BRIEF: Word for word, reproduce all entries below, leaving every picture out.
PROVIDED RECORDS START
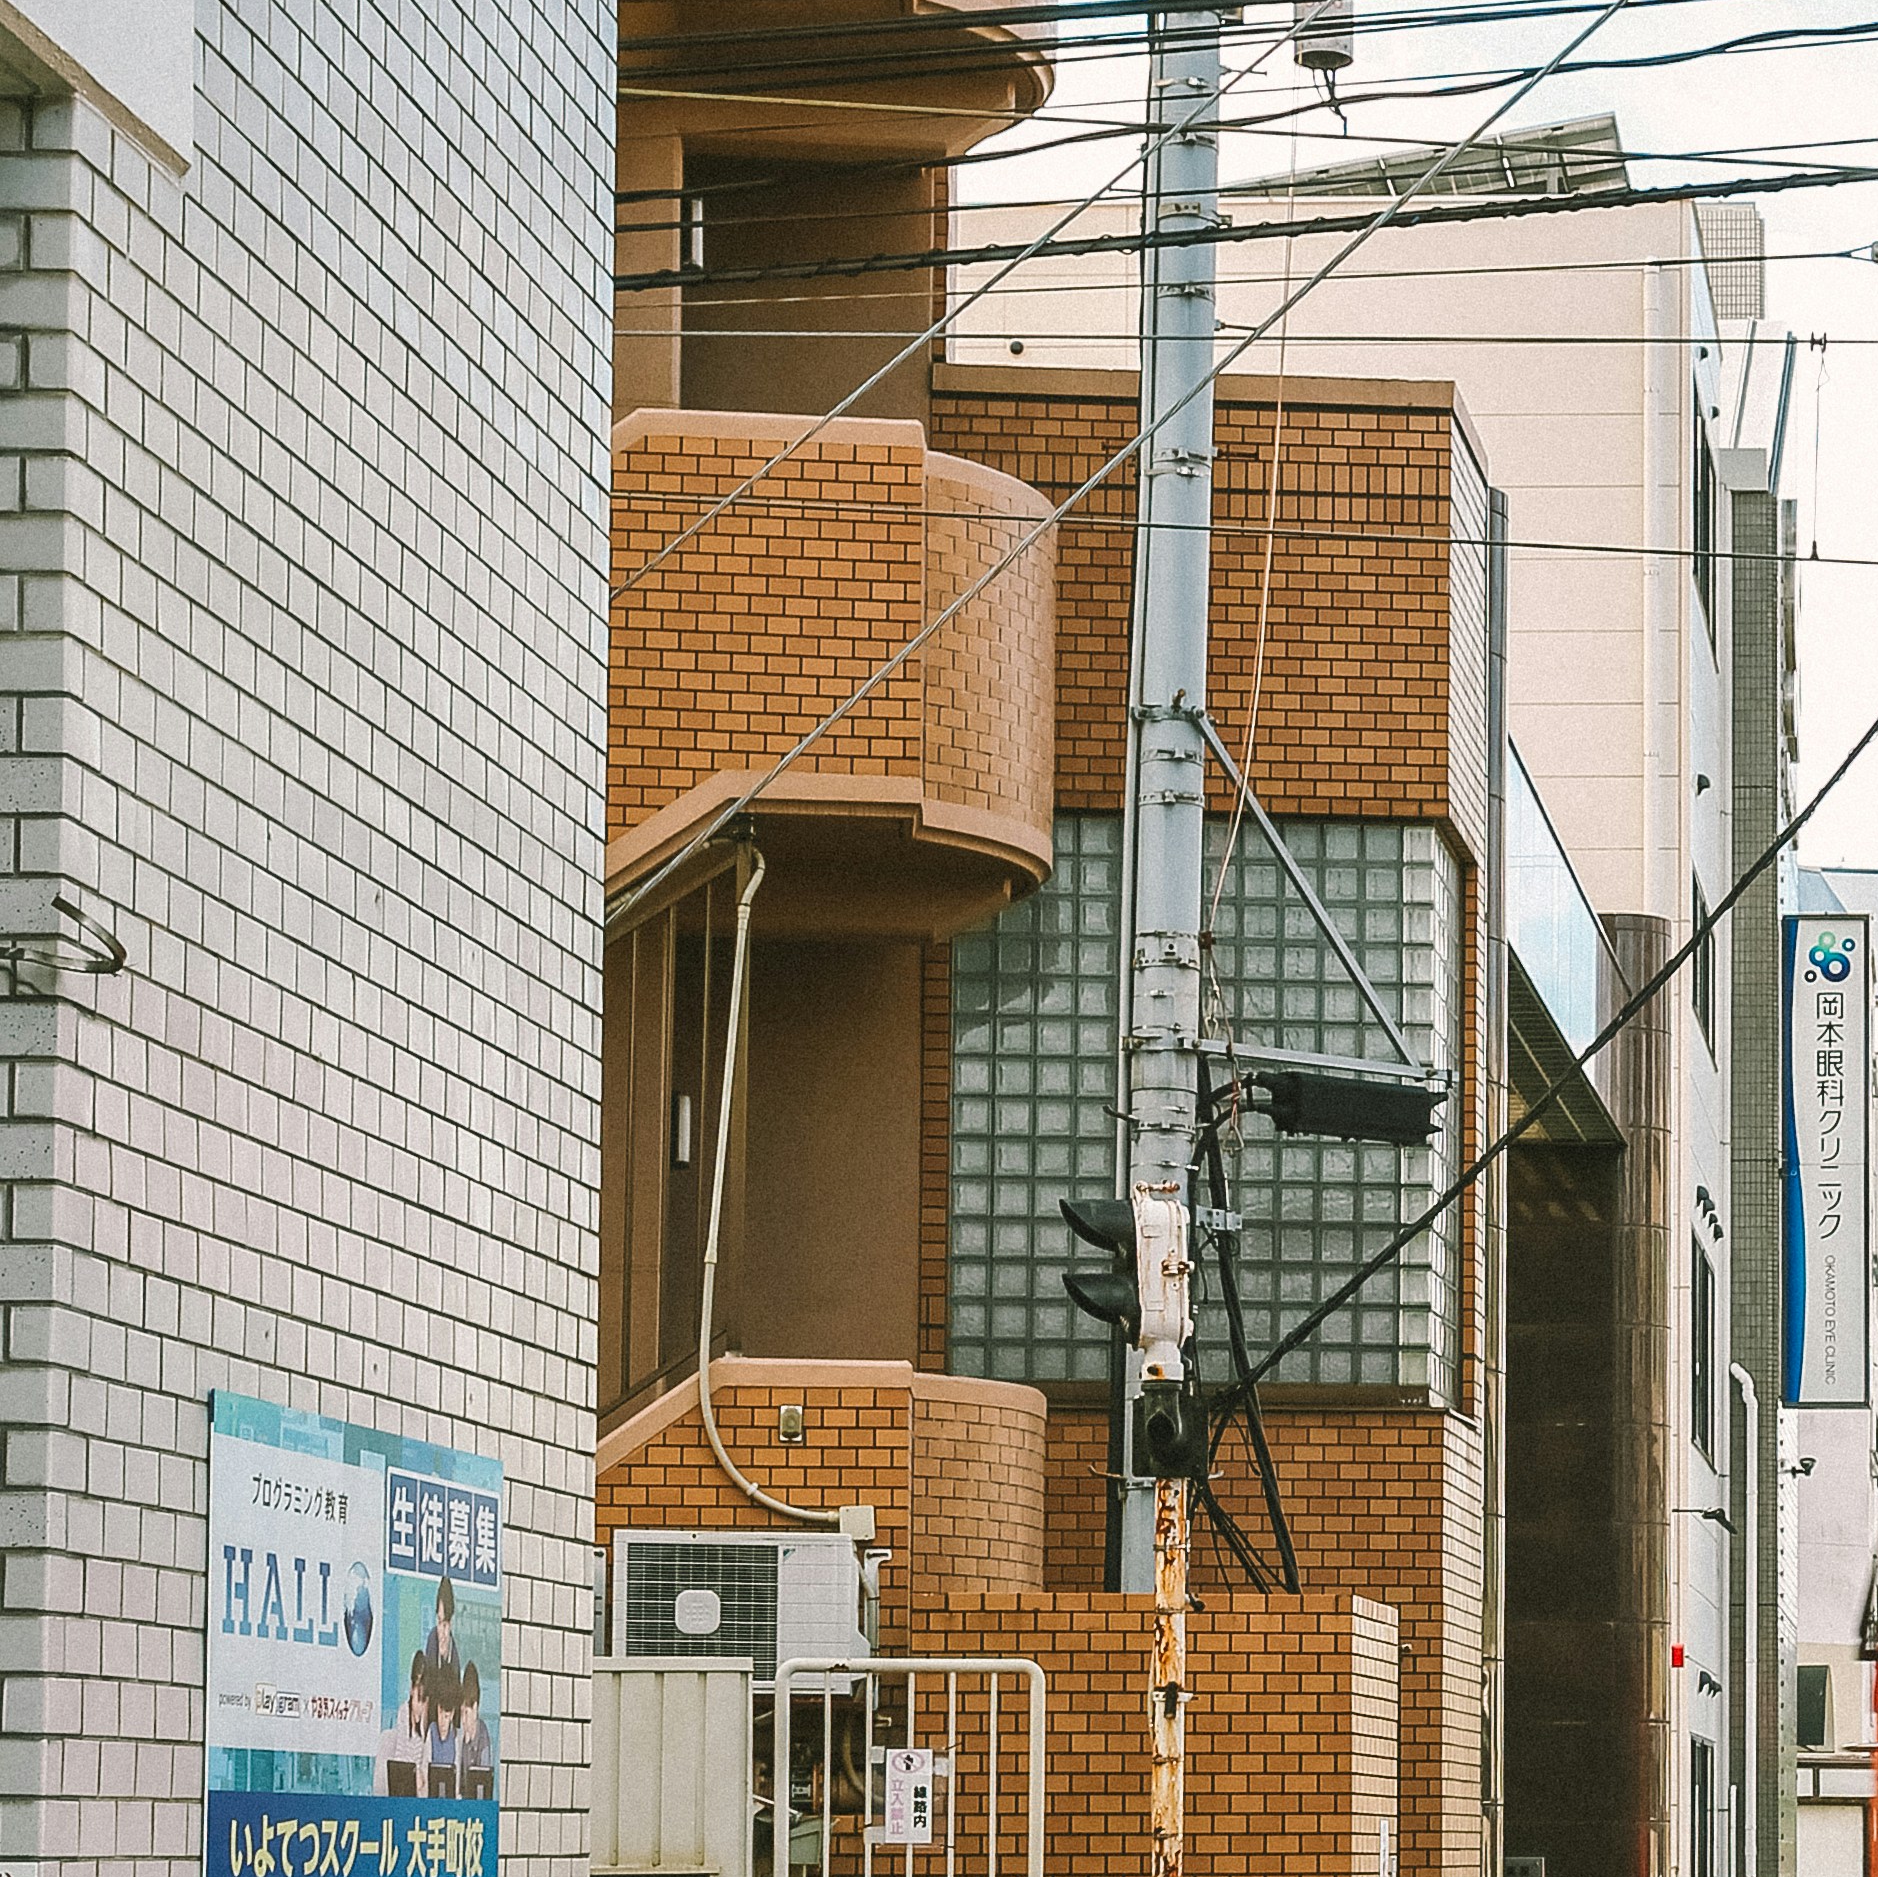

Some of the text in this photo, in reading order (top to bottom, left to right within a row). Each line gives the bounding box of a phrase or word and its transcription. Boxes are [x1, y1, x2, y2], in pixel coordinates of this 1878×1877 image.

[1816, 992, 1845, 1240] 岡本眼科クリニック
[1824, 1254, 1836, 1385] OKAMOTO EYE CLINIC
[252, 1472, 349, 1525] プログラミング教育
[392, 1485, 497, 1575] 生徒募集
[890, 1779, 905, 1836] 立入禁止
PROVIDED RECORDS END
REPLY TO THE TASK:
Some of the text in this photo, in reading order (top to bottom, left to right within a row). Each line gives the bounding box of a phrase or word and its transcription. Boxes are [x1, y1, x2, y2], in pixel coordinates of this 1878×1877 image.

[1816, 992, 1845, 1240] 岡本眼科クリニック
[1824, 1254, 1836, 1385] OKAMOTO EYE CLINIC
[252, 1472, 349, 1525] プログラミング教育
[392, 1485, 497, 1575] 生徒募集
[890, 1779, 905, 1836] 立入禁止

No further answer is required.